[Dataset content — start]

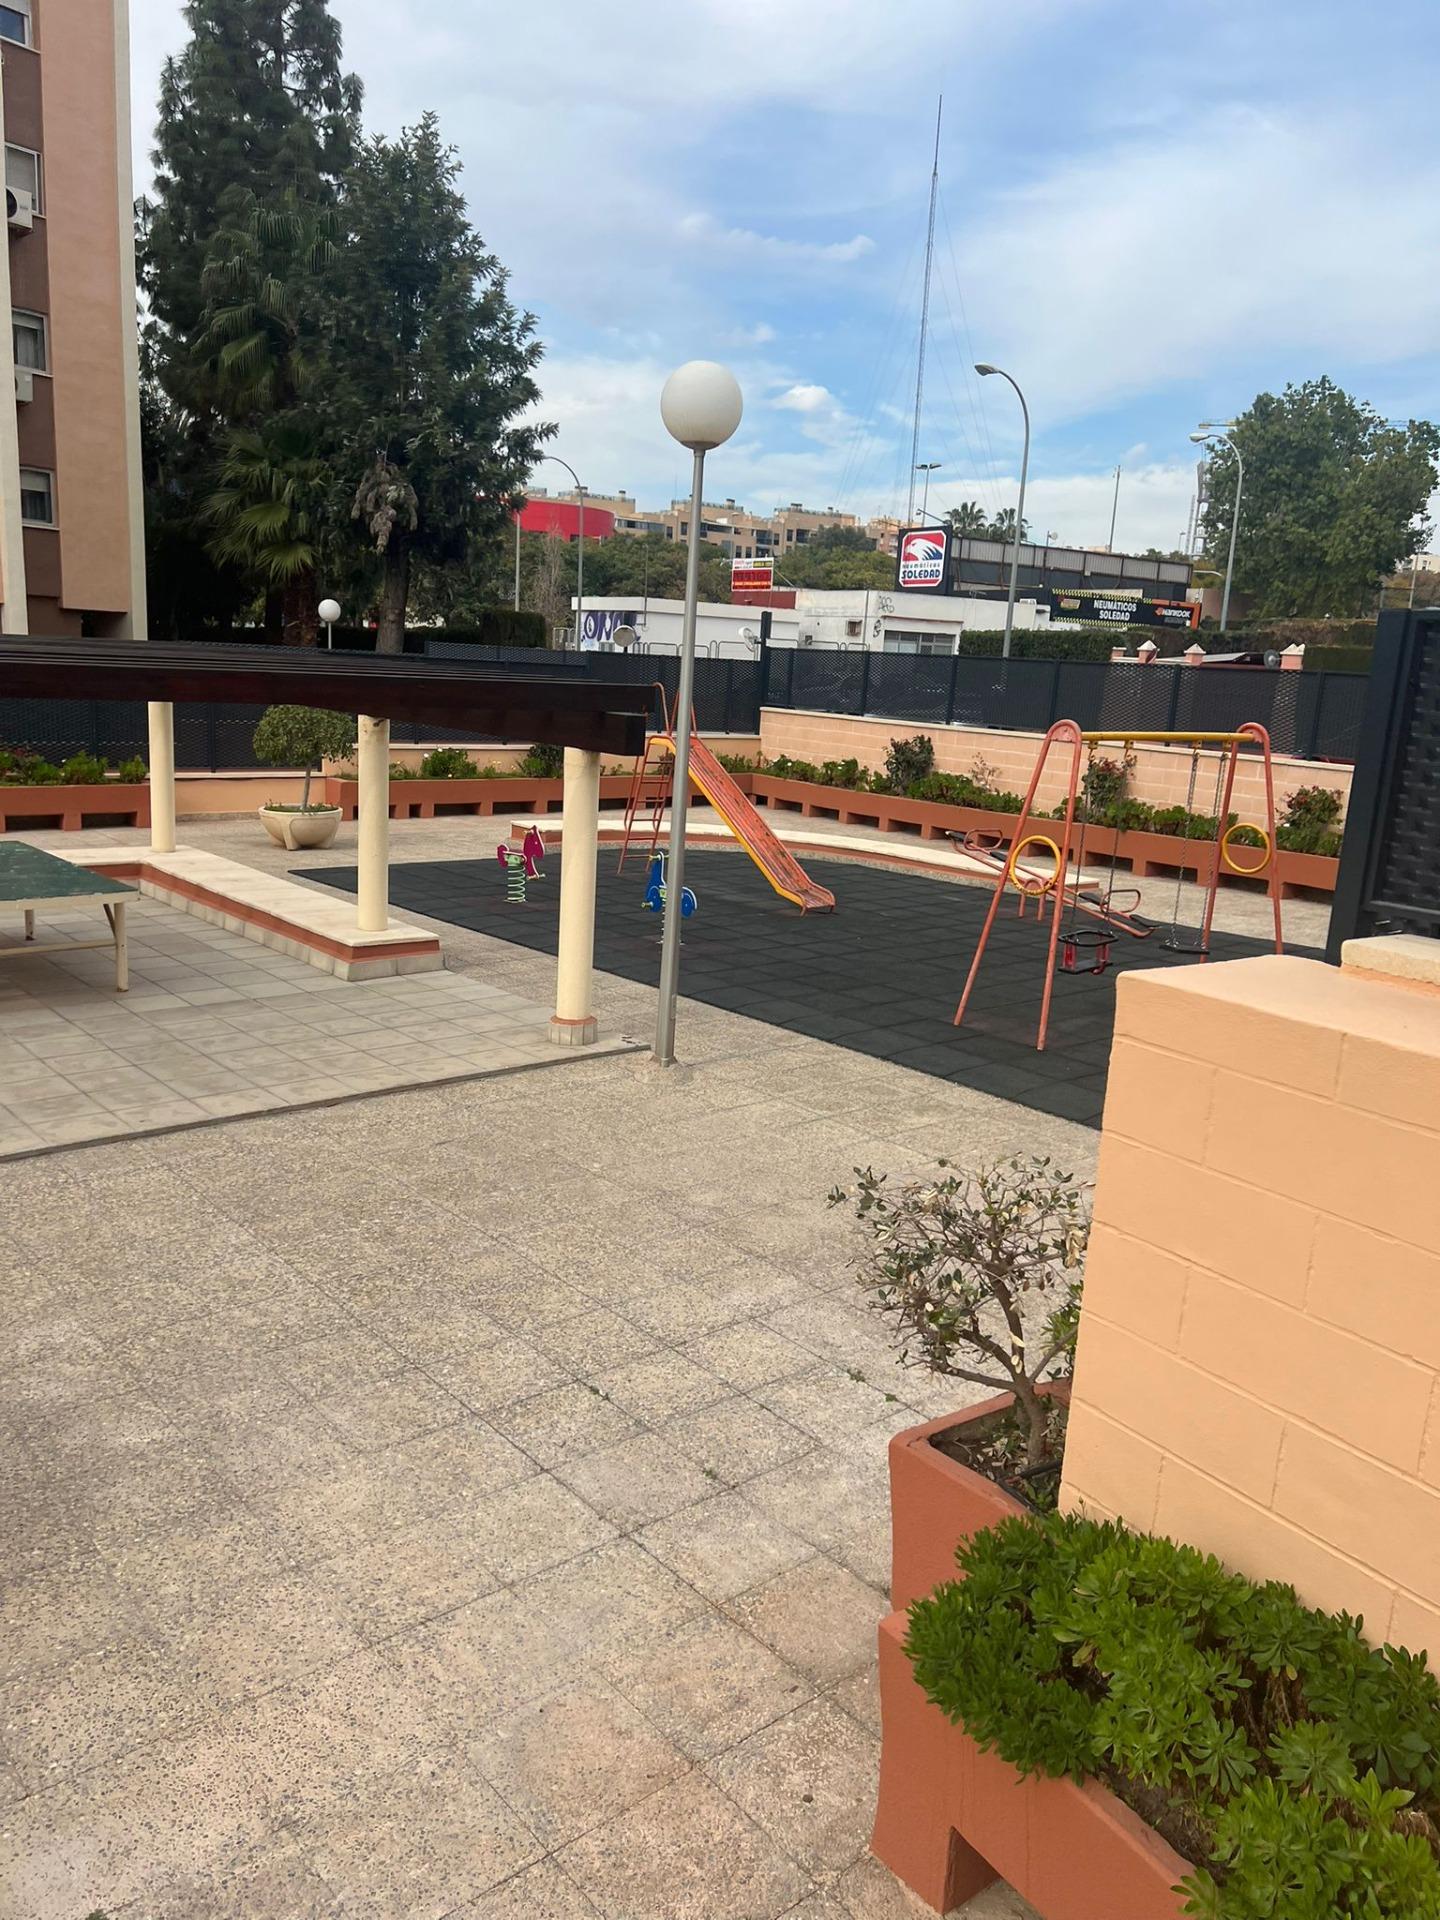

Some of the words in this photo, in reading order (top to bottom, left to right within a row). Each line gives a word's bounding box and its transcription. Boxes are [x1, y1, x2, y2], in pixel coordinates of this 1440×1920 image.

[901, 569, 940, 579] SOLEDAD
[1093, 599, 1137, 612] NEUMÁTICOS
[1099, 610, 1130, 621] SOLEDAD
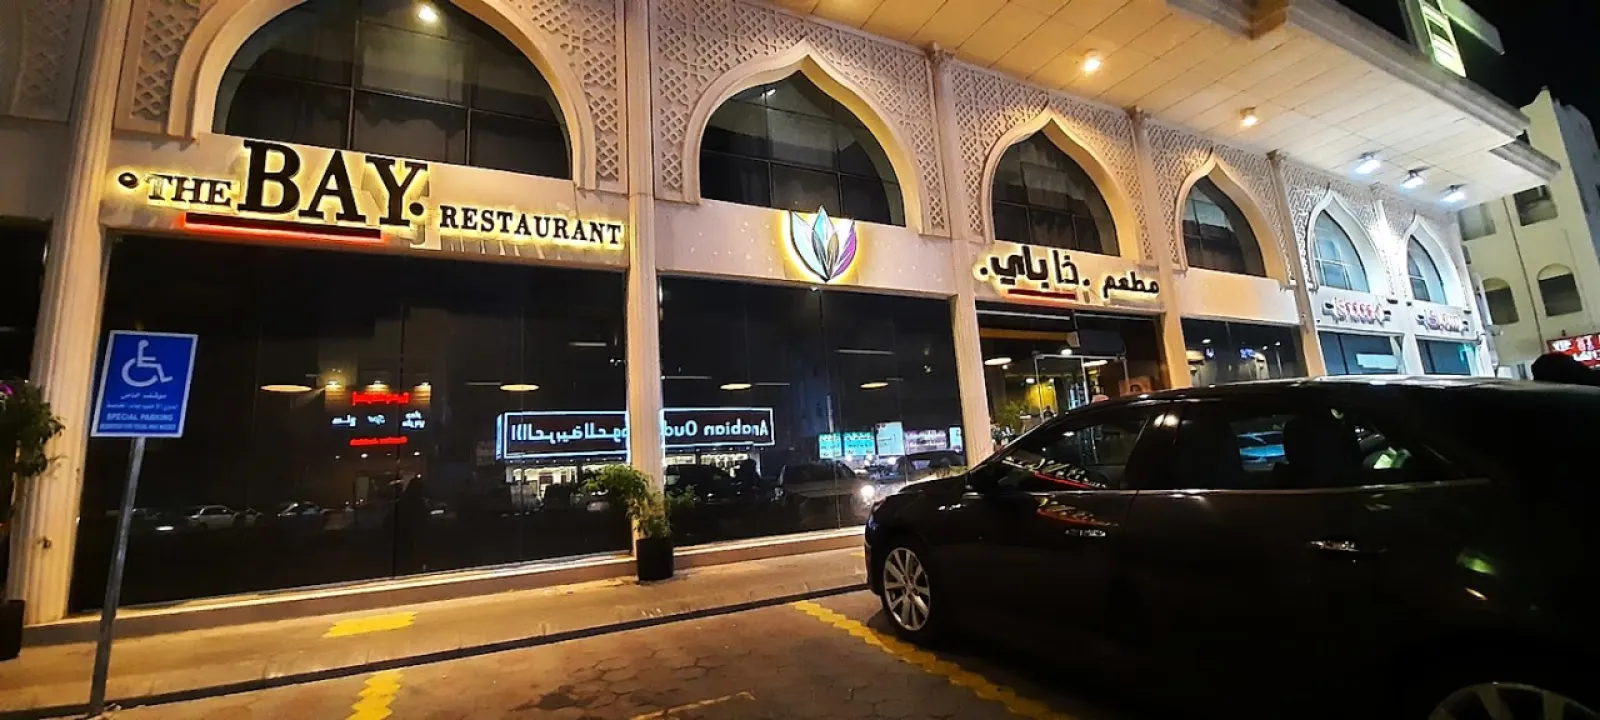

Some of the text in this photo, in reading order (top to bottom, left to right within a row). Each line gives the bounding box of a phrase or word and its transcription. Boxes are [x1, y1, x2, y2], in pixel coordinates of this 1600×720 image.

[147, 139, 623, 246] THE BAY RESTAURANT
[990, 244, 1050, 290] باي
[1102, 271, 1160, 299] مطعم
[106, 413, 174, 421] SPECIAL PARKING

[Dataset content — finish]

Task details: Would you return the records exactly, keeping out every picture?

The answer:
Some of the words in this photo, in reading order (top to bottom, left to right within a row). Each line gives a word's bounding box and its transcription. Boxes are [x1, y1, x2, y2], in pixel coordinates of this 1440×1920 image.

[901, 569, 940, 579] SOLEDAD
[1093, 599, 1137, 612] NEUMÁTICOS
[1099, 610, 1130, 621] SOLEDAD

Some of the text in this photo, in reading order (top to bottom, left to right within a row). Each line gives the bounding box of a phrase or word and its transcription. Boxes are [x1, y1, x2, y2], in pixel coordinates of this 1600×720 image.

[147, 139, 623, 246] THE BAY RESTAURANT
[990, 244, 1050, 290] باي
[1102, 271, 1160, 299] مطعم
[106, 413, 174, 421] SPECIAL PARKING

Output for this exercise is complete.